Great question Larry, and thanks for sending it. I was trying to reproduce what the Novogradac and Buckeye Institute had done, and neither of those studies examined updating capital over time. Making an assumption that the real value increases in the future with capital investment would certainly change the dynamics, but note that this is one area where the tax treatment is specified fairly clearly by law. Also given the pace at which solar technology is advancing, I would imagine that after 15 years, the operator may wish not only to update their equipment, but increase the capacity on the same acreage, so the PILOT payments may change as well.
There are other fundamental issues than this. No one has let the public know that all of our electric bills will be going up to “help” subsidize this project. Another key factor is the amount of sunshine Ohio provides in any given year not to mention the potential catastrophic potentials that Ohio weather may be impact these panels in the next 40 years. We will be walking on egg shells and “Hope” that nothing goes wrong. The money may look nice but do not be fooled by the inefficiencies and potential environmental harm that looms around this project. We are not a sunshine state folks. It makes no sense for our County.
Thanks Trina for the comment. With respect to your electric bill, it’s not going up to help subsidize solar projects. As a rule, solar energy is cheaper than coal because of the environmental regulations on coal. It is true that the environmental regulations on coal (for sulfur dioxide, mercury, NOX, and particulates — but not CO2 since CO2 is not regulated) have driven electricity costs up over the years, but few Americans would want to roll back those regulations in order to have cheaper electricity and worse air. Solar energy is cheaper than natural gas when natural gas prices are high, but not when they are low. Given that natural gas is now the marginal source of electricity in Ohio, watch natural gas prices if you want a good gage to your electricity price (if you buy your electricity on the market).
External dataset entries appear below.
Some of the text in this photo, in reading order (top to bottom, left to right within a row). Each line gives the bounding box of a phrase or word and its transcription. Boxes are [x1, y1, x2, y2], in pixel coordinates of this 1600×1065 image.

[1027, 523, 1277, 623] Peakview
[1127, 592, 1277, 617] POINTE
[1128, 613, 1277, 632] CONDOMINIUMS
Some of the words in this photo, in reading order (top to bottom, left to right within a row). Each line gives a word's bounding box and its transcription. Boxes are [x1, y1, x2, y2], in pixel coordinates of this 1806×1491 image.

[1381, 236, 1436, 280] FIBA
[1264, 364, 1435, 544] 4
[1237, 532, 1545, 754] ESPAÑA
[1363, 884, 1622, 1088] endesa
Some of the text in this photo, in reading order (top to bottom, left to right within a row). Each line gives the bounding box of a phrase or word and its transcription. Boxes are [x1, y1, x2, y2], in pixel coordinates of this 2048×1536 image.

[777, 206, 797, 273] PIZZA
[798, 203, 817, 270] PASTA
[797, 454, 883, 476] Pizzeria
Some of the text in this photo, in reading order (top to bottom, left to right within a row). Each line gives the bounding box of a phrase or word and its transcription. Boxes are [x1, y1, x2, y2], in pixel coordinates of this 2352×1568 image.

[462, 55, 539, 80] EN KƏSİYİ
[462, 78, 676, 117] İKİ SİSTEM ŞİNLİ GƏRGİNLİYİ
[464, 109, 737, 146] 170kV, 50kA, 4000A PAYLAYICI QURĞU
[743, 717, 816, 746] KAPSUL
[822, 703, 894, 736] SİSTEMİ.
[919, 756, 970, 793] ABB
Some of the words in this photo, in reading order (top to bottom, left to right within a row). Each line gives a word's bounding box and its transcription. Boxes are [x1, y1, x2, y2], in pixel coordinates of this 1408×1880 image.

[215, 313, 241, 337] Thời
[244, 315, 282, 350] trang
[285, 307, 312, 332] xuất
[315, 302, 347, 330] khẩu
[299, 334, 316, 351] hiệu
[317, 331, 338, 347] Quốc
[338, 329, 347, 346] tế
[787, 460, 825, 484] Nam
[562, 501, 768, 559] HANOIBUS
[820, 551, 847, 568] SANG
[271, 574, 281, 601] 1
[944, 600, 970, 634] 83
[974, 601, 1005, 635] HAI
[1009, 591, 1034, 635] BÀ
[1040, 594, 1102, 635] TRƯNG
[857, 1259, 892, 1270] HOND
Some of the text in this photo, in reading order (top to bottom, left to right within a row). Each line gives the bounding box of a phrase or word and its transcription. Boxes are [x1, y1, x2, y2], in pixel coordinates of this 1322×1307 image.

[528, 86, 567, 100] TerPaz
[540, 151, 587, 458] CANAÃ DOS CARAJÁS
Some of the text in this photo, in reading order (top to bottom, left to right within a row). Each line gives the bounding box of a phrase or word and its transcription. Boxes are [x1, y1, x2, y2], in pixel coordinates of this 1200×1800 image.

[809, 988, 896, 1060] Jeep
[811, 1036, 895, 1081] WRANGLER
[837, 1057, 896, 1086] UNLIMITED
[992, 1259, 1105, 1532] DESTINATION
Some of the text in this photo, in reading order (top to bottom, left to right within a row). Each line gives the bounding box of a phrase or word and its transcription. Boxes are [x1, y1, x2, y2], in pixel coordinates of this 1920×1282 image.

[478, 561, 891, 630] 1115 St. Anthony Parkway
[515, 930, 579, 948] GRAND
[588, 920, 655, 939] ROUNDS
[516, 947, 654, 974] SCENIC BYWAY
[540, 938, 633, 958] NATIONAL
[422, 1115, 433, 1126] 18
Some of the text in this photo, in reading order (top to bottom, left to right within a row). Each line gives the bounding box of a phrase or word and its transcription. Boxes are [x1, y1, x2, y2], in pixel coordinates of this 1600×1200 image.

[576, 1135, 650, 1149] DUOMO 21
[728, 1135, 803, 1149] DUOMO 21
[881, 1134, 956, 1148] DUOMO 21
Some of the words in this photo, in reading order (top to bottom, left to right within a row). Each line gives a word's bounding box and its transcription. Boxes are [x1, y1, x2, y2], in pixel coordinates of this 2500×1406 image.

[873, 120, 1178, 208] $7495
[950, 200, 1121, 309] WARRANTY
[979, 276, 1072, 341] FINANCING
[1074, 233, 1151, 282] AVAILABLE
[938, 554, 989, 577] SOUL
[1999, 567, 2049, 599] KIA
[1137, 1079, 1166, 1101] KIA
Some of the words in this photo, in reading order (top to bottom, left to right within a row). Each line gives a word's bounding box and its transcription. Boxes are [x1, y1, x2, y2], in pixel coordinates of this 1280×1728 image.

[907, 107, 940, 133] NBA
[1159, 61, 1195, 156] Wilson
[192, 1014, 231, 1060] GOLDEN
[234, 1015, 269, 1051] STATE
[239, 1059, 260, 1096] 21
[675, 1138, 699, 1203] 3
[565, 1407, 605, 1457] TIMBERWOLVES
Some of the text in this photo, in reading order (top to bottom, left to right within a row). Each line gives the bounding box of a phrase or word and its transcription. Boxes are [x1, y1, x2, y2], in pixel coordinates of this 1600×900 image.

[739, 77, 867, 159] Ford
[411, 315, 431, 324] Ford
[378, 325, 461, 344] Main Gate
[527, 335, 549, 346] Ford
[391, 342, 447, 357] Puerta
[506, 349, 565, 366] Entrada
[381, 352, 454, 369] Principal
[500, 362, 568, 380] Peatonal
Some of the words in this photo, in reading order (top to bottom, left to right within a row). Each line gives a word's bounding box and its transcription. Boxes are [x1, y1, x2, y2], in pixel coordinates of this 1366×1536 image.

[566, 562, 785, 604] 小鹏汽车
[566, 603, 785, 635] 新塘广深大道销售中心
Growing consumption for electricity combined with growing exports will put long-term pressure on natural gas in the Midwest.
So, solar is not driving up electricity costs. It is true that solar is subsidized with federal tax credits and/or incentives. Taxpayers are paying for it for sure in their annual income taxes, but their electricity bills are lower as a result.
[…] economics professor Brent Sohngen, who has been researching the economics of solar development and looked at the numbers after hearing about the […]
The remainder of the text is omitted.